Assume that $2<p<\frac{N+2}{N-2}$ where we work in $\mathbb{R}^N.$ Then $p+1< q^{*} = \frac{2N}{N-2}.$ Thus by sobolev embedding we have that $H^1 \hookrightarrow L^{q}$ for all $q\leq q^{*}$ or in other words we have the estimate, $$\|f\|_{L^{q}} \leq C \,\|f\|_{H^1}.$$ I am trying to show that $\|f^p\|_{L^2}\leq C \,\|f\|^2_{H^1}$ for some constant $C>0.$ I wrote $\|f^p\|_{L^2} = \|f\|^2_{L^{2p}}$ but then this would require that $H^{1} \hookrightarrow L^{2p}$ which is not necessarily true.

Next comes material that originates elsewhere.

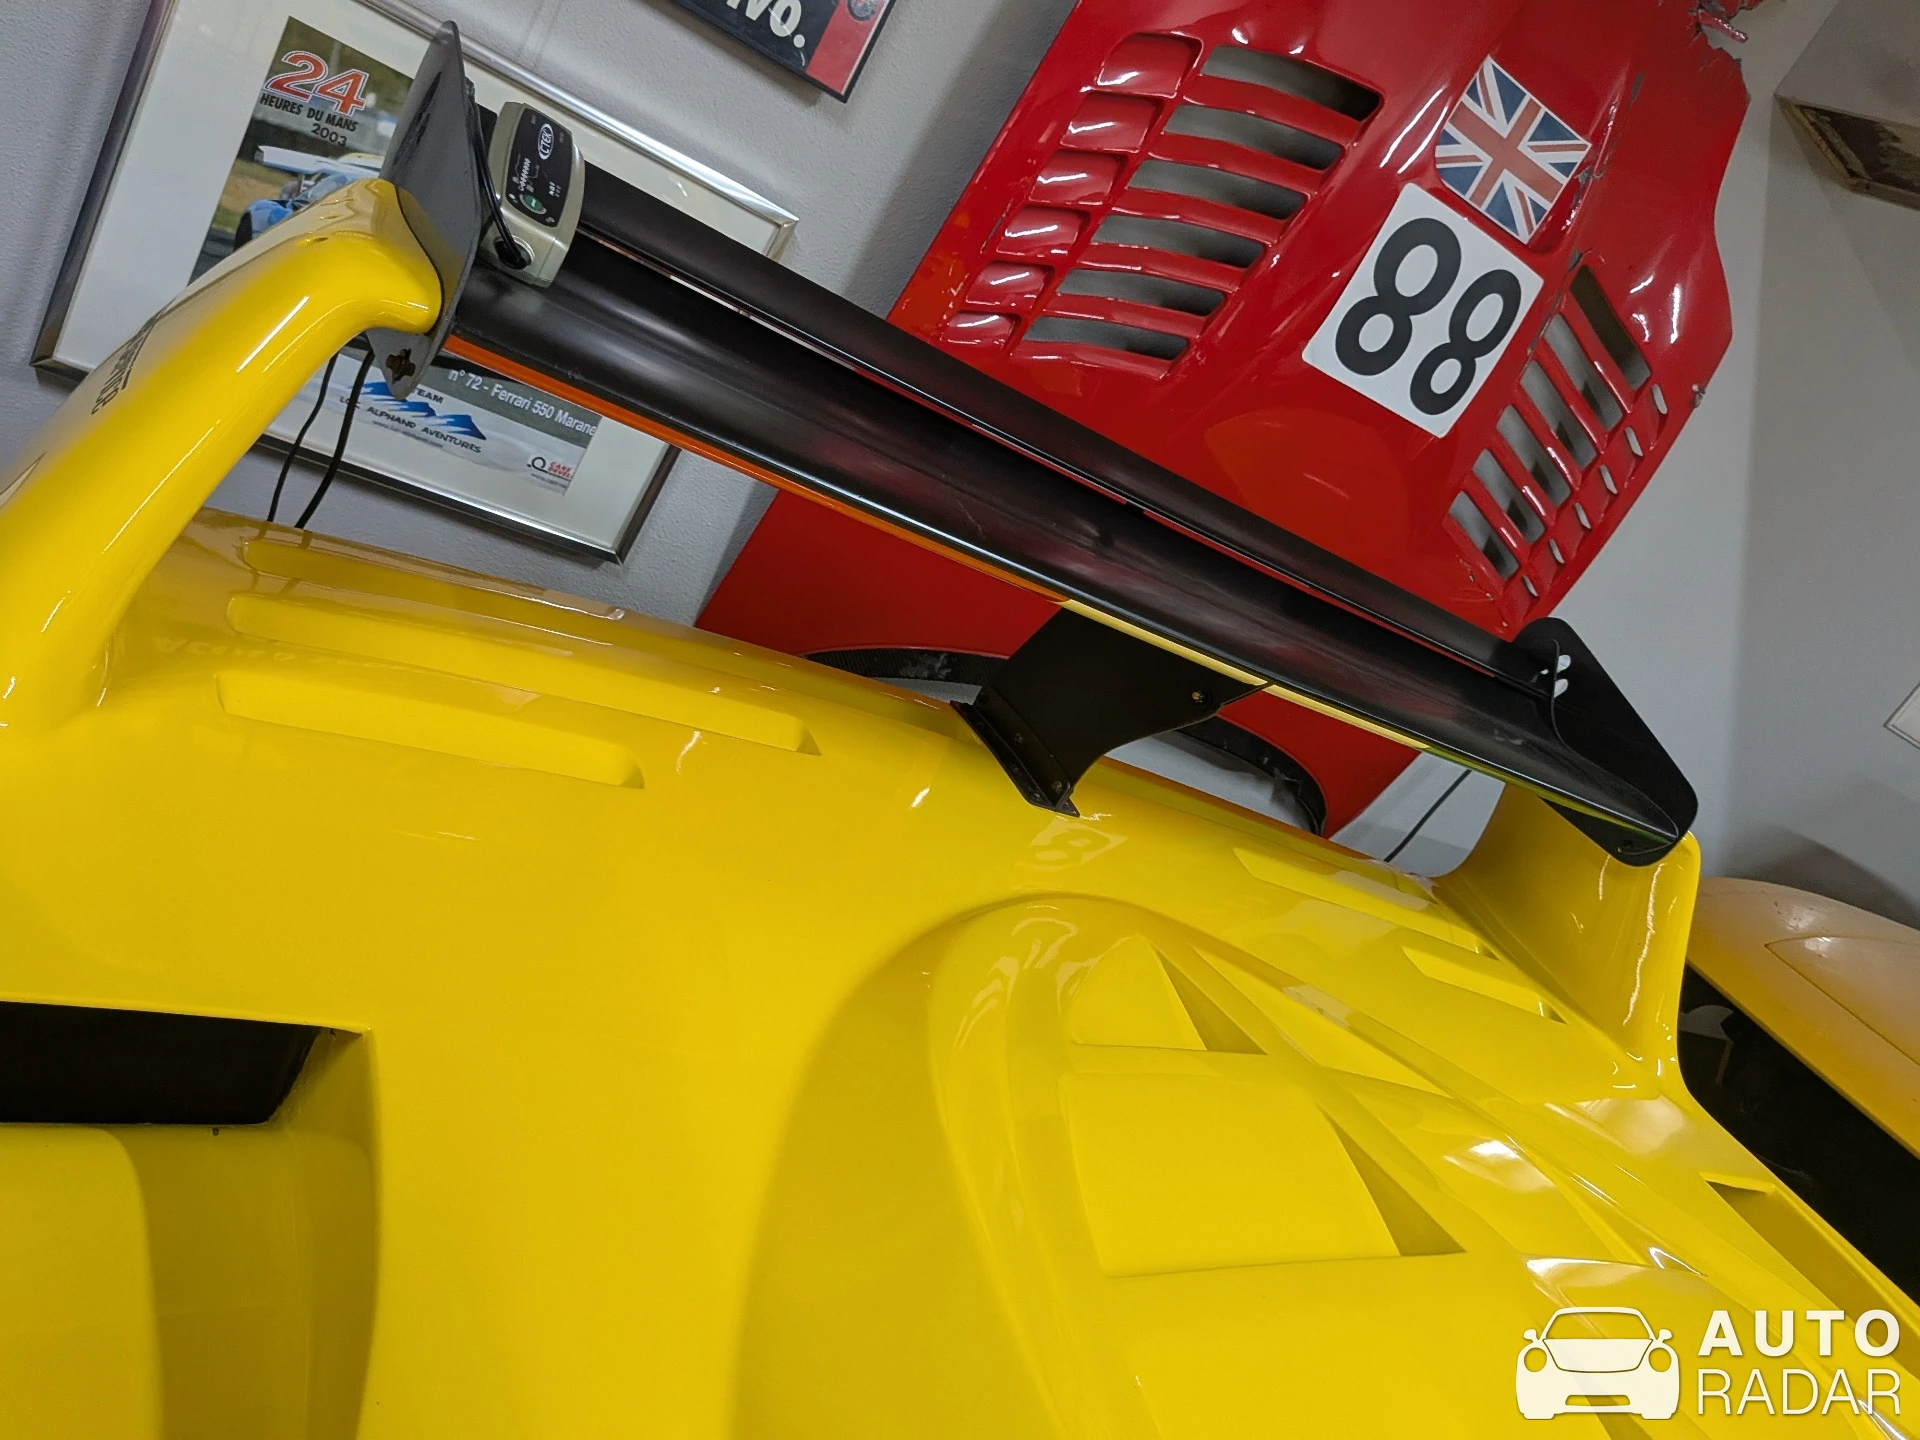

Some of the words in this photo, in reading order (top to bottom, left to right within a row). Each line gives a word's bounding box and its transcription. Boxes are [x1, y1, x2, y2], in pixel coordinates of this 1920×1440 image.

Any hints on how to prove this will be much appreciated.

Answer 1

So first, in $\mathbb{R}^N$, the Sobolev embedding works only for $q\in[2,q^*)$.

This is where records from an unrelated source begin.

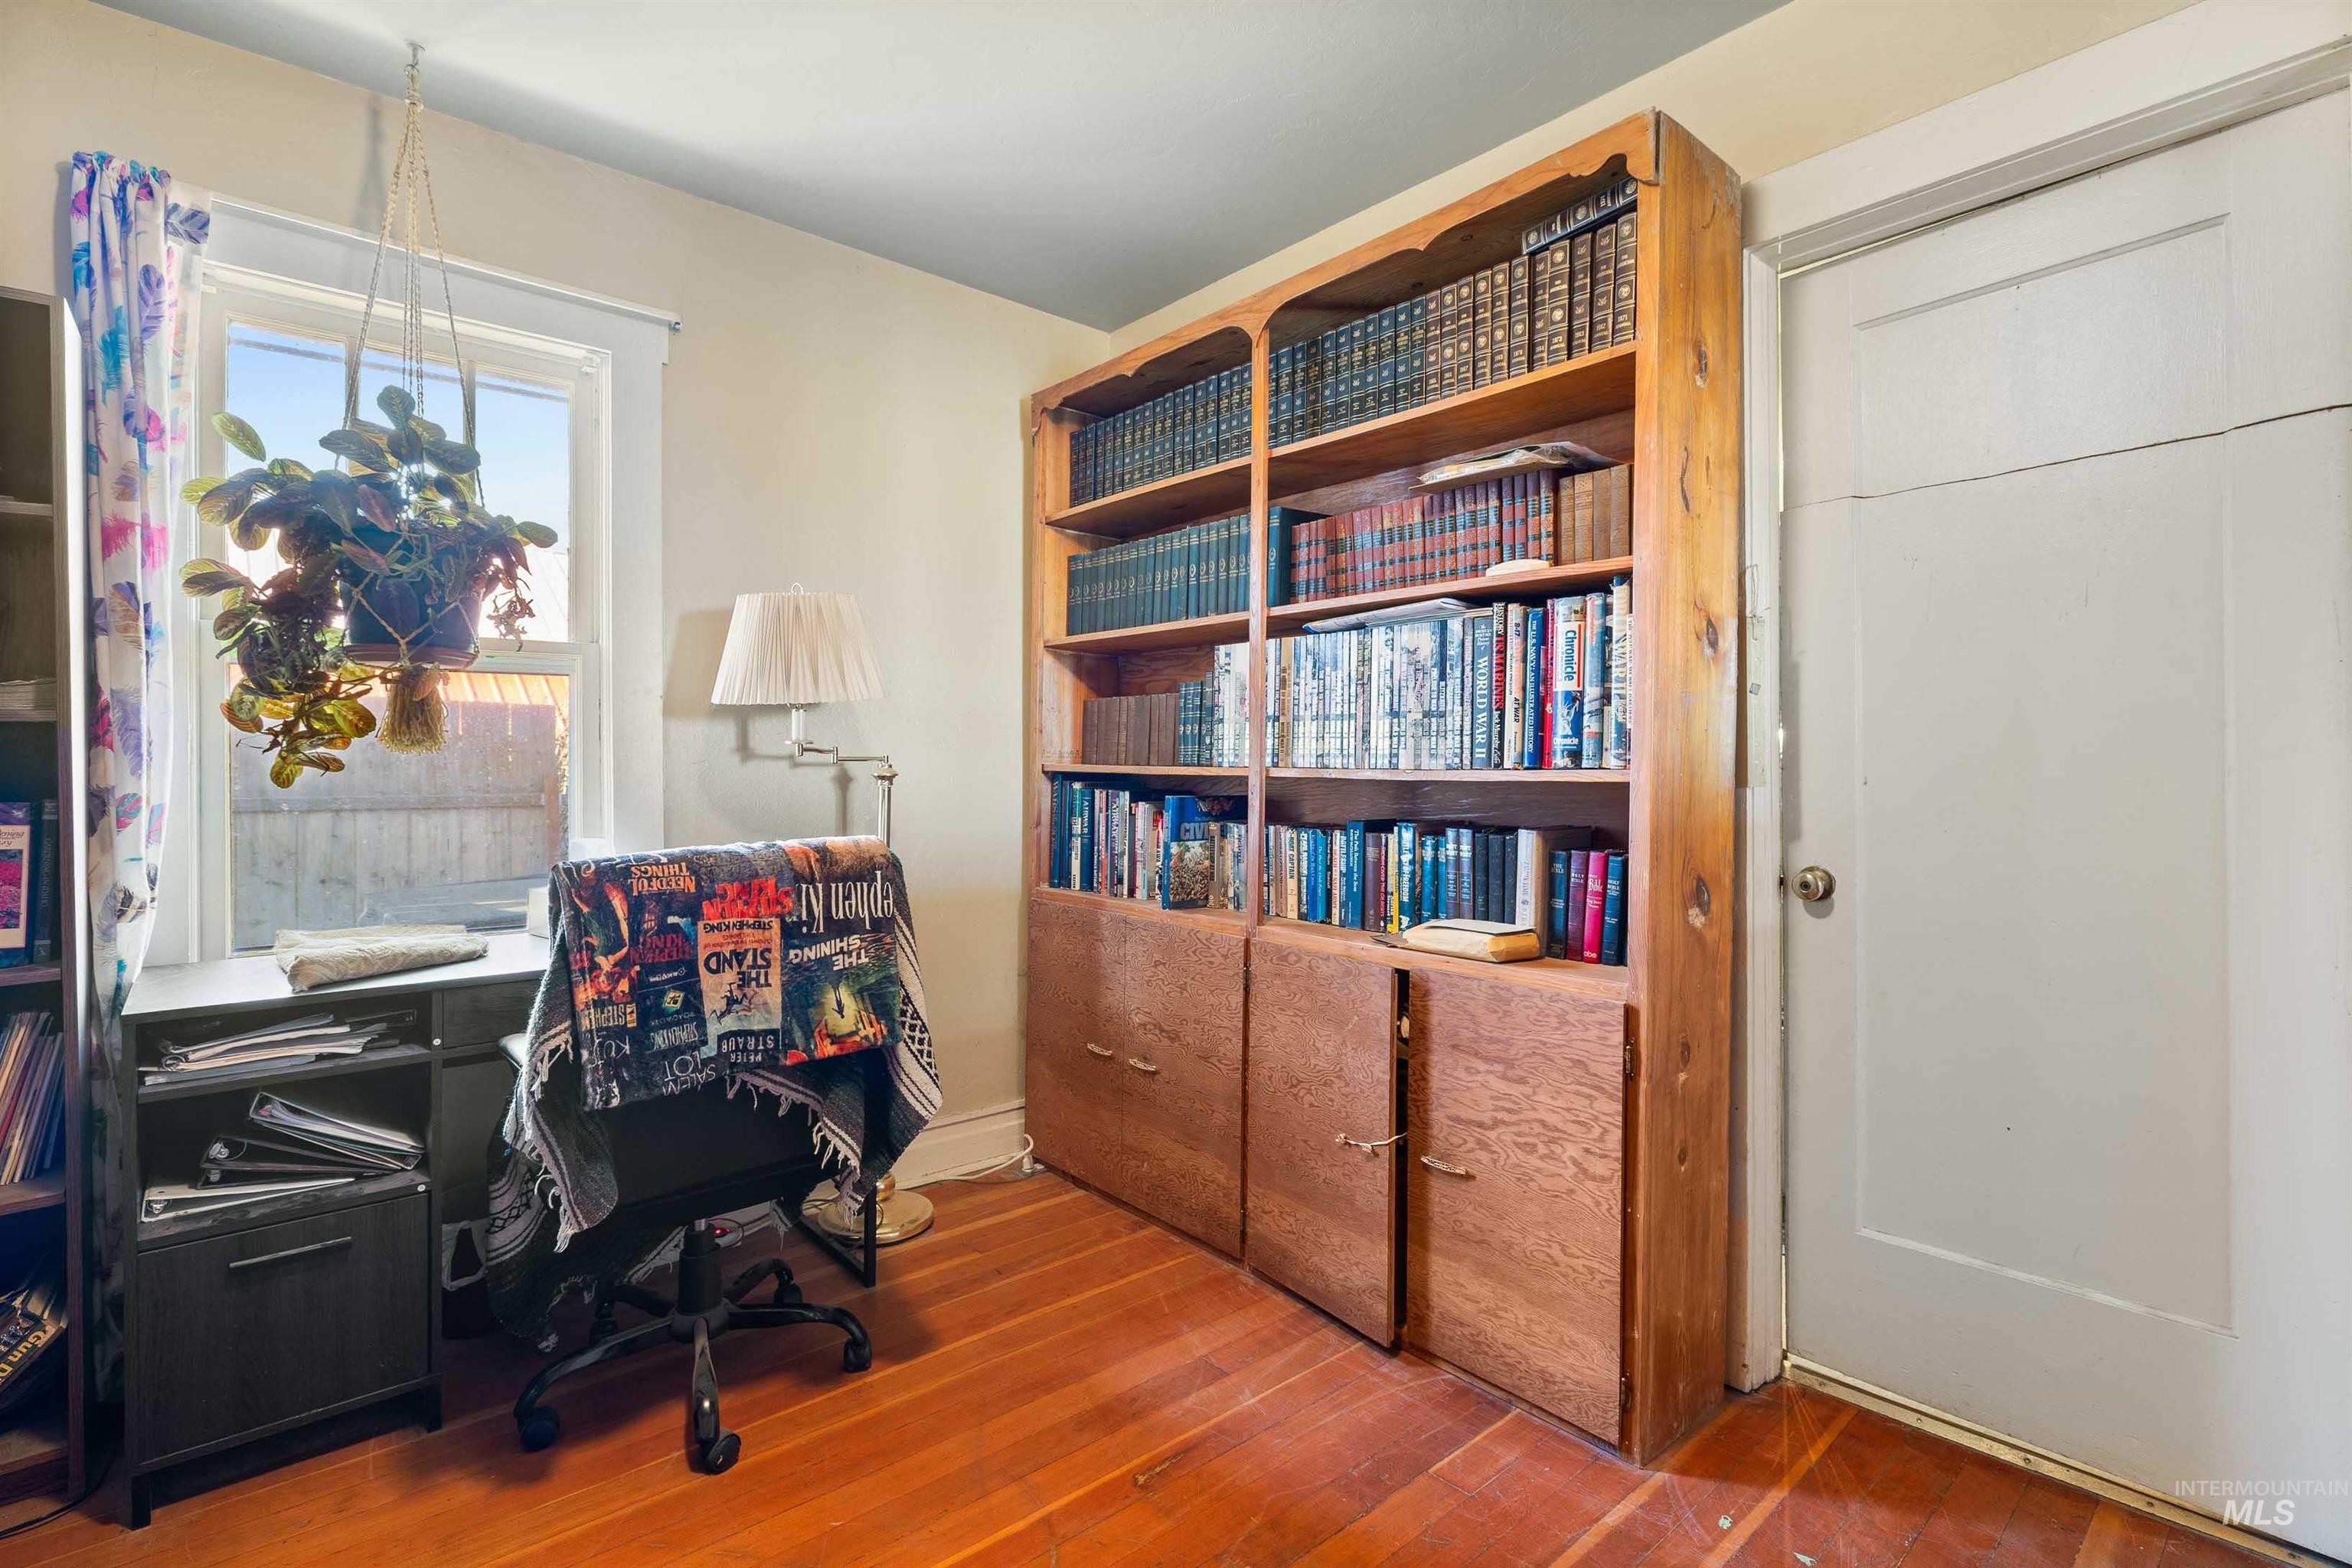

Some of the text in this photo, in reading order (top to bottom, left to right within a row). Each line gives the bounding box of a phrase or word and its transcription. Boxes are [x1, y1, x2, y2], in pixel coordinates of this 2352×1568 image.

[1564, 630, 1577, 681] Chronicle
[1476, 655, 1488, 708] WORLD
[1494, 636, 1506, 709] US MARINES
[1530, 671, 1534, 682] AN
[1514, 697, 1519, 707] AT
[1475, 711, 1487, 743] WAR
[1475, 748, 1486, 758] II
[1181, 822, 1209, 841] CIVI
[631, 862, 690, 877] THINGS
[628, 876, 696, 896] NEEDFUL
[1402, 874, 1410, 902] FREEDOM
[1588, 878, 1603, 892] Bible
[702, 886, 793, 920] STEPHEN
[703, 920, 773, 933] STEPHEN KING
[789, 934, 862, 965] SHINING
[831, 949, 870, 971] THE
[703, 948, 772, 975] STAND
[737, 971, 772, 989] THE
[721, 1035, 775, 1052] STRAUB
[665, 1050, 701, 1081] LOT
[729, 1052, 762, 1063] PETER
[7, 1331, 46, 1362] Gun

Then, as you say, $H^1 ⊂ L^{2p}$ will only work when $2p ∈ [2,q^*]$, or equivalently $$ p∈[1,\tfrac{N}{N-2}] $$ Sobolev embeddings are sharp, so when $p ∈ (\tfrac{N}{N-2},\tfrac{N+2}{N-2})$, there are counterexamples (take for example $\varphi$ bounded and compactly supported and $f(x) = \varphi(x)\,|x|^{\varepsilon-N/p}$), and so in these cases $f^p \notin L^2$.